** ACTION ITEM **
No pictures, nothing altered: return the data below.
------ DATA
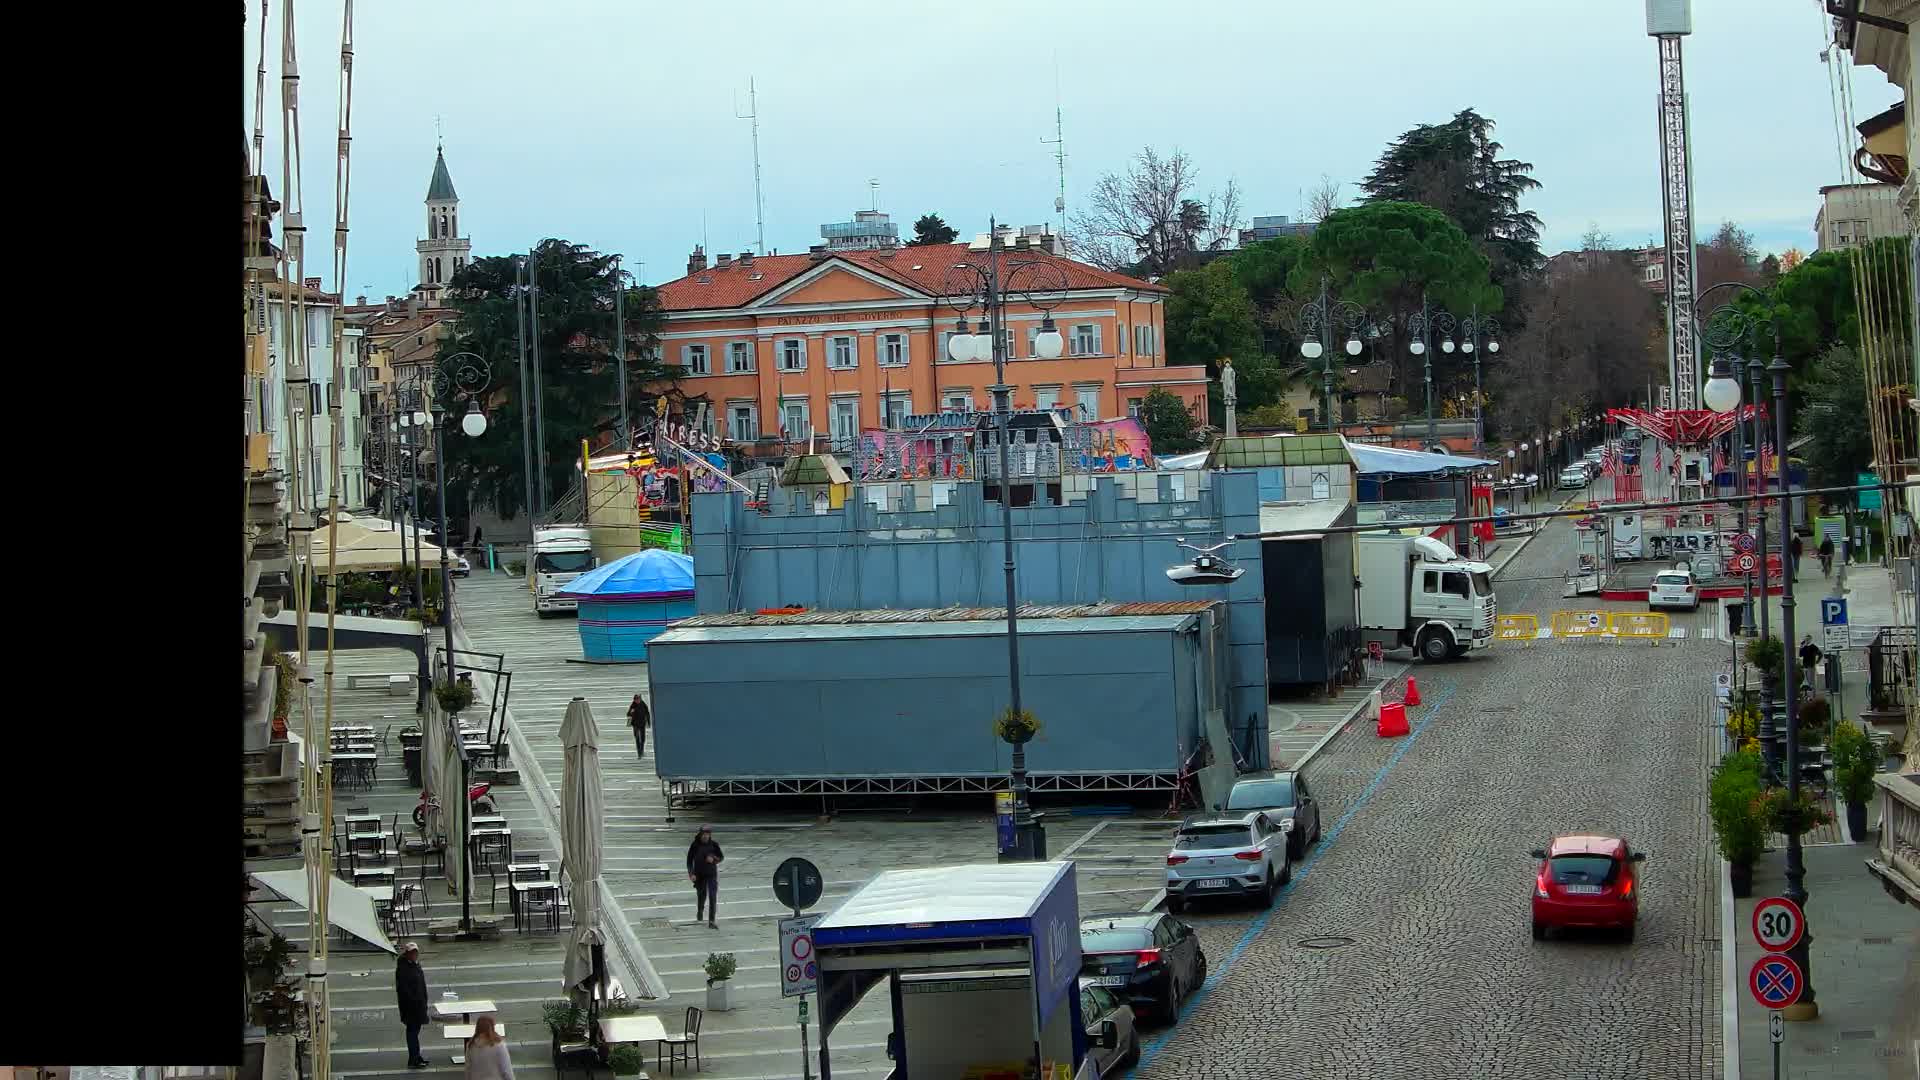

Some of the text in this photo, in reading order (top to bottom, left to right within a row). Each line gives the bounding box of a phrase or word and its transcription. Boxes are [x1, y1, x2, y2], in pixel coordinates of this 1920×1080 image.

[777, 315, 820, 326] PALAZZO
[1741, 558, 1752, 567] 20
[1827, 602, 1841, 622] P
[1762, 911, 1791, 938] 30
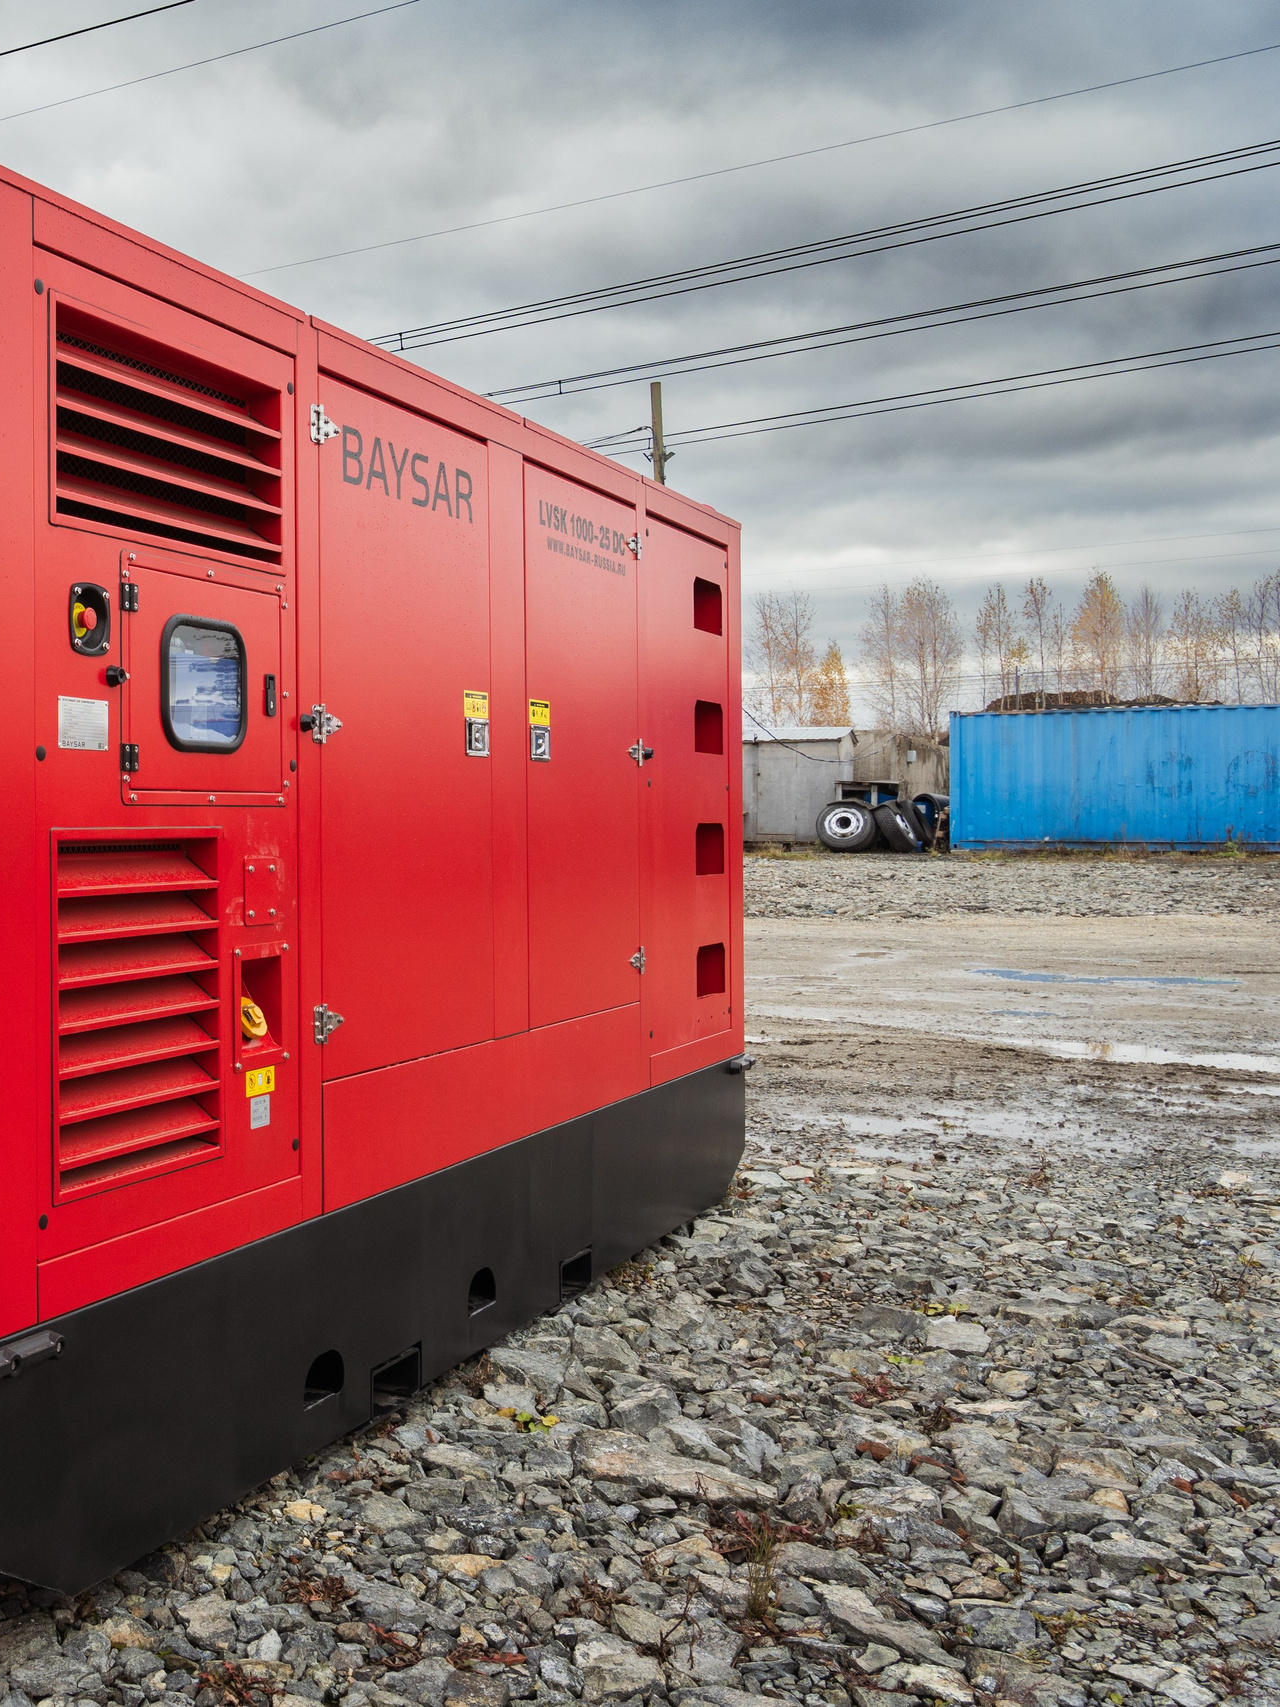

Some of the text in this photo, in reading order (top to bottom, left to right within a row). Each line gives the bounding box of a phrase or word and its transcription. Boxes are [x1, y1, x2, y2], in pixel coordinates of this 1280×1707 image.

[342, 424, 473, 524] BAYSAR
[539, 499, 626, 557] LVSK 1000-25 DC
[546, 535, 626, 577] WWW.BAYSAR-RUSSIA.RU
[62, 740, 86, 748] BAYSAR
------------
** TASK SOLUTION **
Some of the text in this photo, in reading order (top to bottom, left to right within a row). Each line gives the bounding box of a phrase or word and its transcription. Boxes are [x1, y1, x2, y2], in pixel coordinates of this 1920×1080 image.

[777, 315, 820, 326] PALAZZO
[1741, 558, 1752, 567] 20
[1827, 602, 1841, 622] P
[1762, 911, 1791, 938] 30

Some of the text in this photo, in reading order (top to bottom, left to right within a row). Each line gives the bounding box of a phrase or word and its transcription. Boxes are [x1, y1, x2, y2], in pixel coordinates of this 1280×1707 image.

[342, 424, 473, 524] BAYSAR
[539, 499, 626, 557] LVSK 1000-25 DC
[546, 535, 626, 577] WWW.BAYSAR-RUSSIA.RU
[62, 740, 86, 748] BAYSAR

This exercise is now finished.